En el Selene reinaba un gran silencio, que ya no era el de la muerte, sino el del sueño. No pasaría mucho rato sin que despertaran todos, para dar la bienvenida a un día que en verdad muy pocos de ellos habían esperado ver.
Pat Harris, manteniéndose en precario equilibrio sobre el respaldo de un asiento, reparaba la avería de la instalación eléctrica. Fue una suerte que la fresa del taladro no se desplazara cinco milímetros más a la izquierda; en ese caso se hubieran quedado también sin radio, y la reparación hubiera sido mucho más difícil.
—Baje el interruptor número tres, doctor —dijo, mientras concluía de pegar la cinta aisladora—. Ya debe funcionar.
Se encendieron las luces del circuito principal, que resultaron cegadoras después de tanto tiempo de rojiza penumbra. A la vez se produjo una inesperada explosión que alarmó a Pat y le hizo vacilar en su inestable sostén. Antes de llegar al suelo comprendió que se trataba simplemente de un estornudo.
Los pasajeros comenzaban a despertar. Quizá se había exagerado un tanto el grado de refrigeración, pues en el salón hacía un frío intenso. ¿Quién sería el primero en recobrar el conocimiento? Deseaba que fuera Susan, pues así podrían conversar un poco sin interrupciones. Después de lo que habían sobrellevado juntos, no consideraba la presencia de McKenzie como la de un extraño.
La primera figura comenzaba a moverse bajo la manta. Pat se apresuró a prestar su ayuda y sofocó un suspiro de decepción:
—¡Oh, no!
Paciencia, no siempre se podía tener suerte, y un capitán debe cumplir con su deber.

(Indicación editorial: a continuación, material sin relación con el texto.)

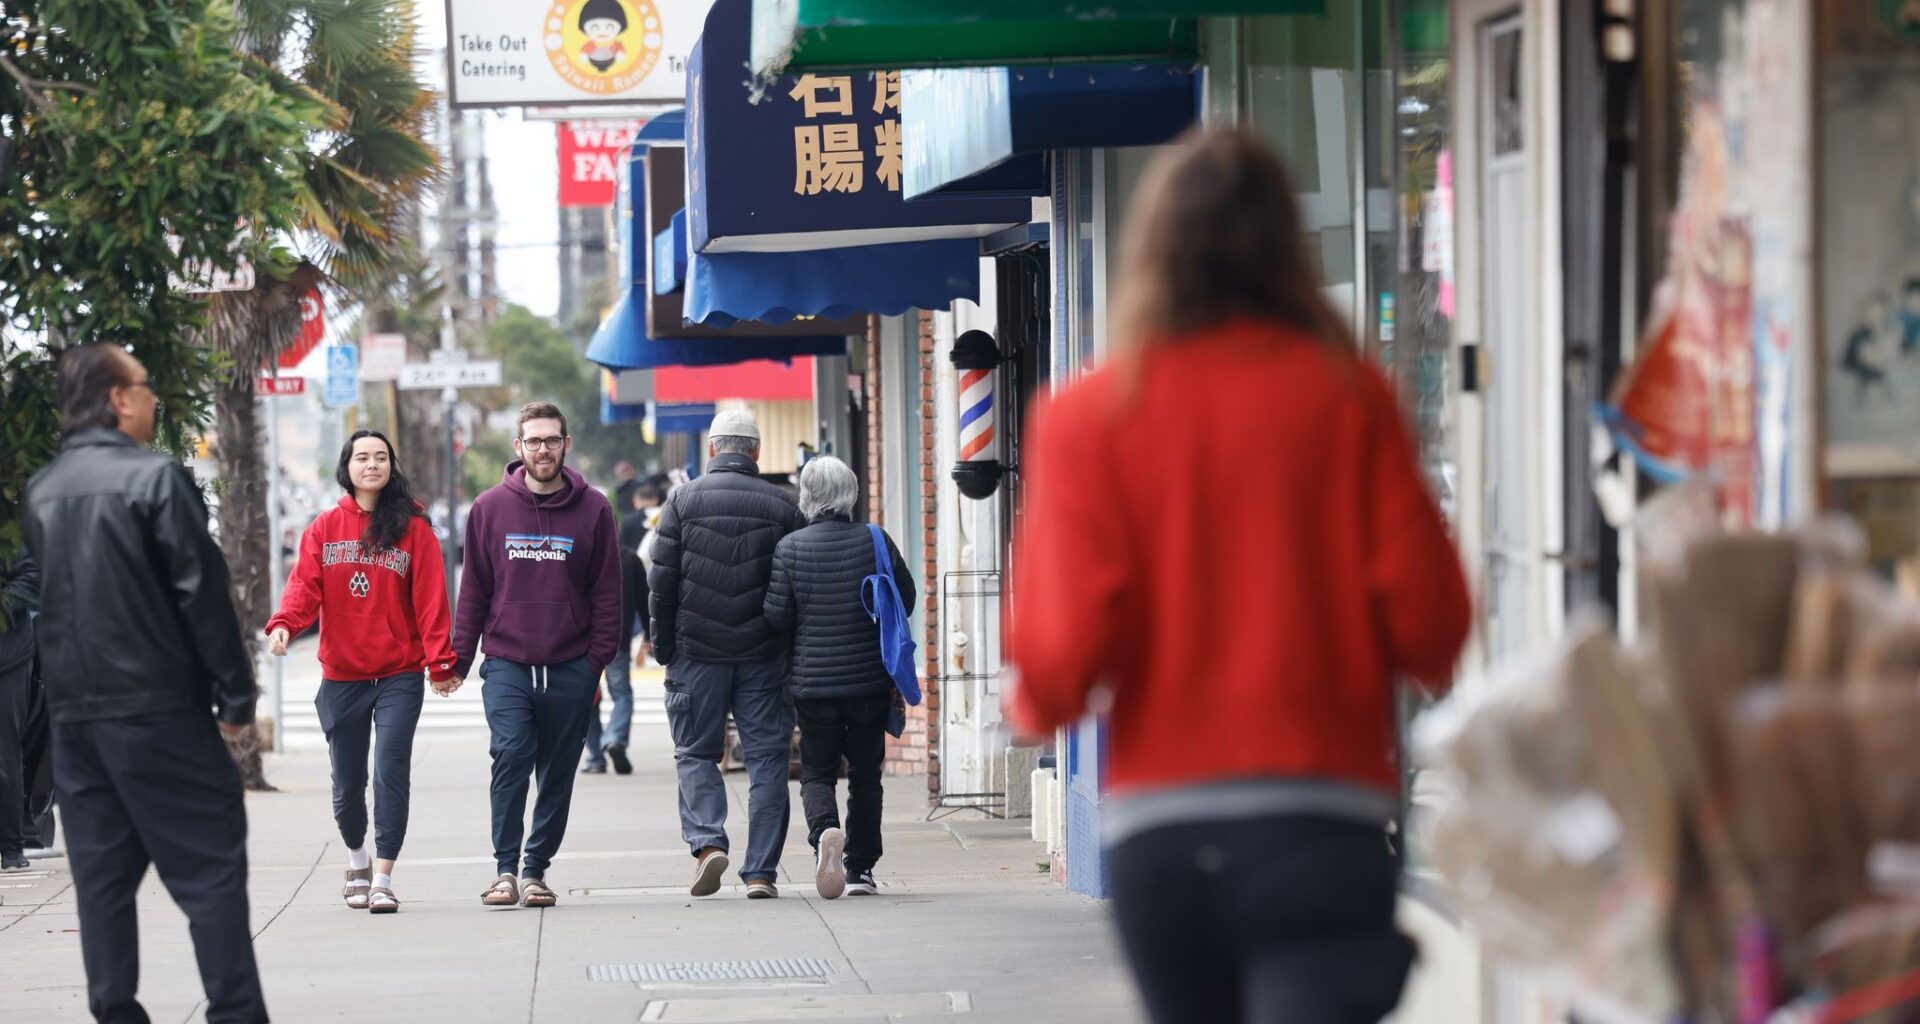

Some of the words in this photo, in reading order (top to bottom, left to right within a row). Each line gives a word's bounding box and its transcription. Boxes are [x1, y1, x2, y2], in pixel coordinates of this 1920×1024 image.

Se inclinó sobre la embriagada silueta que luchaba por levantarse y preguntó solícito:
—¿Cómo se siente, señorita Morley?
El hecho de verse acaparado por la televisión era lo mejor y lo peor a la vez que hubiera podido sucederle al doctor Lawson. Aquello constituyó una nueva inyección de confianza en sí mismo, al convencerlo que el mundo que siempre había pretendido despreciar, se sentía verdaderamente interesado por su capacidad y conocimientos científicos. (No se daba cuenta que este interés era efímero, ni que con la misma rapidez que había ascendido al encumbrado pedestal, podía caer de él cuando terminase el incidente del Selene.) Aquello le dio una válvula de escape para expresar su auténtico amor por la astronomía…, una pasión algo embotada por su comercio constante con otros astrónomos. Y además, el asunto le proporcionaba unos ingresos económicos nada despreciables.

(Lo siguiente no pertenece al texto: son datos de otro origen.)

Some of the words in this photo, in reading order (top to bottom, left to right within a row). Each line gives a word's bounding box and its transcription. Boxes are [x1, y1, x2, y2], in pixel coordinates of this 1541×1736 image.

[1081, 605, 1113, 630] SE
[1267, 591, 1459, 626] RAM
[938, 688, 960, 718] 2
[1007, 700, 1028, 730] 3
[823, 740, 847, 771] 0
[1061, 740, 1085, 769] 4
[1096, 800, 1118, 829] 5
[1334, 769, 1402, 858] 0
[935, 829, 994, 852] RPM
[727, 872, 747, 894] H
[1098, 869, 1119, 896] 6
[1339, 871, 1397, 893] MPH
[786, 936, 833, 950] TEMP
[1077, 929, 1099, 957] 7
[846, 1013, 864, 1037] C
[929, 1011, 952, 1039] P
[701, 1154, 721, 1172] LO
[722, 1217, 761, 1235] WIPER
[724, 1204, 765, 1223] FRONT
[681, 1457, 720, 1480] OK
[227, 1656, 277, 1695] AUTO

Pero la emisión en la cual participaba en aquellos momentos parecía haber sido imaginada especialmente para confirmar su arraigada opinión respecto a que los representantes de la especie humana se dividían en grupos y en imbéciles. La culpa de esto, de todos modos, no podía achacarse a Informaciones Interplanetarias, que no habían podido resistir al deseo de llenar la espera con una emisión que se adaptaba muy bien al reportaje que estaban retransmitiendo.

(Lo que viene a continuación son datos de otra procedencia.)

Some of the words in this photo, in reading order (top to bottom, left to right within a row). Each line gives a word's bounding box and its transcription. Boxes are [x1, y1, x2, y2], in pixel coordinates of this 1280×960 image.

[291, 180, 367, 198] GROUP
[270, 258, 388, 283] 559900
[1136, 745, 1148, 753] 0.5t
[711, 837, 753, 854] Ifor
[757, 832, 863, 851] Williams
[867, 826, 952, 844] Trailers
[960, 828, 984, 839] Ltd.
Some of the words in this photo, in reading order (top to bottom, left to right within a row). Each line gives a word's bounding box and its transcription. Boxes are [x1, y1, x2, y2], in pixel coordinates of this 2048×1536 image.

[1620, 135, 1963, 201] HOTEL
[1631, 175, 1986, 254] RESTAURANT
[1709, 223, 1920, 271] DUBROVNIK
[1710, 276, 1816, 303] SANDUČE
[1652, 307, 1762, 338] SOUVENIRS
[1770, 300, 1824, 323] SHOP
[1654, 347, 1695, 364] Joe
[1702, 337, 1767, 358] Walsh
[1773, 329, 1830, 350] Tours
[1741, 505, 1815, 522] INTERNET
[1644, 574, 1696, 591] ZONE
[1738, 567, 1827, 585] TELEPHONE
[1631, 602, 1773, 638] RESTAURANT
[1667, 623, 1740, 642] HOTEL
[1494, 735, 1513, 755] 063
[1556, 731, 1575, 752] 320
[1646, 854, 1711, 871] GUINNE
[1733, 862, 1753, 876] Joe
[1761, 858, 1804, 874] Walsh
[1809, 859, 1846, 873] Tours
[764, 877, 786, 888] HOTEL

El hecho que Lawson se encontrase en la Luna y sus víctimas propiciatorias se hallasen en la Tierra, sólo presentaba un pequeño problema técnico que los especialistas de la TV ya habían resuelto perfectamente en otras ocasiones. La emisión no era directa; antes se registró en cinta y todo consistía en suprimir aquellas molestas pausas de dos segundos y medio, debidas a la distancia que tenían que recorrer las ondas entre la Tierra y la Luna. Aquellos breves silencios hubieran resultado muy desagradables para los telespectadores, pero cuando los técnicos los hubiesen suprimido en la película y la banda sonora, nadie hubiera podido decir que la discusión se desarrollaba sobre un espacio de cuatrocientos mil kilómetros.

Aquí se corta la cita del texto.